Exercise directions ▸ Your task is to transcribe the data in full.

Data records ▸
....................

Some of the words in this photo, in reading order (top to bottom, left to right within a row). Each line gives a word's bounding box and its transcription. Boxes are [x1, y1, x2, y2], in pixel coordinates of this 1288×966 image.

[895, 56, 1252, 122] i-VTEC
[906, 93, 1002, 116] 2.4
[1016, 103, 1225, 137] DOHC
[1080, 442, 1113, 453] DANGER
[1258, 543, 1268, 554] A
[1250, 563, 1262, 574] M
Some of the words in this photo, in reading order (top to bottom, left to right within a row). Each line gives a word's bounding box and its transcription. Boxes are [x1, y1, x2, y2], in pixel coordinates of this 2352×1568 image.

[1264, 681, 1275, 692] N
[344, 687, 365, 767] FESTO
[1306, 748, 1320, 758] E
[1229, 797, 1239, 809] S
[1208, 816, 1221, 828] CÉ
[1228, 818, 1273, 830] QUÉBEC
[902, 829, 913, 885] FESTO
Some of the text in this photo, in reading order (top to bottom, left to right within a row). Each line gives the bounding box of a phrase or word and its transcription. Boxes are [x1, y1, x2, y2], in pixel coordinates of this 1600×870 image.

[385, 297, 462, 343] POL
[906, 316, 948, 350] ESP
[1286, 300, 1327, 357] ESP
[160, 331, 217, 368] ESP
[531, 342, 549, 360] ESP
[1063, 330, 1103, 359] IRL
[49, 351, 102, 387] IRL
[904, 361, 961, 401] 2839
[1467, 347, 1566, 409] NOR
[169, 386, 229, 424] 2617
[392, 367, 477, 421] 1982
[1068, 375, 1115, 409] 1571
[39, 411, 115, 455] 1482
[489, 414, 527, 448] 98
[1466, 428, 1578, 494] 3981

....................

Your solution ▸
Some of the words in this photo, in reading order (top to bottom, left to right within a row). Each line gives a word's bounding box and its transcription. Boxes are [x1, y1, x2, y2], in pixel coordinates of this 1288×966 image.

[895, 56, 1252, 122] i-VTEC
[906, 93, 1002, 116] 2.4
[1016, 103, 1225, 137] DOHC
[1080, 442, 1113, 453] DANGER
[1258, 543, 1268, 554] A
[1250, 563, 1262, 574] M
Some of the words in this photo, in reading order (top to bottom, left to right within a row). Each line gives a word's bounding box and its transcription. Boxes are [x1, y1, x2, y2], in pixel coordinates of this 2352×1568 image.

[1264, 681, 1275, 692] N
[344, 687, 365, 767] FESTO
[1306, 748, 1320, 758] E
[1229, 797, 1239, 809] S
[1208, 816, 1221, 828] CÉ
[1228, 818, 1273, 830] QUÉBEC
[902, 829, 913, 885] FESTO
Some of the text in this photo, in reading order (top to bottom, left to right within a row). Each line gives the bounding box of a phrase or word and its transcription. Boxes are [x1, y1, x2, y2], in pixel coordinates of this 1600×870 image.

[385, 297, 462, 343] POL
[906, 316, 948, 350] ESP
[1286, 300, 1327, 357] ESP
[160, 331, 217, 368] ESP
[531, 342, 549, 360] ESP
[1063, 330, 1103, 359] IRL
[49, 351, 102, 387] IRL
[904, 361, 961, 401] 2839
[1467, 347, 1566, 409] NOR
[169, 386, 229, 424] 2617
[392, 367, 477, 421] 1982
[1068, 375, 1115, 409] 1571
[39, 411, 115, 455] 1482
[489, 414, 527, 448] 98
[1466, 428, 1578, 494] 3981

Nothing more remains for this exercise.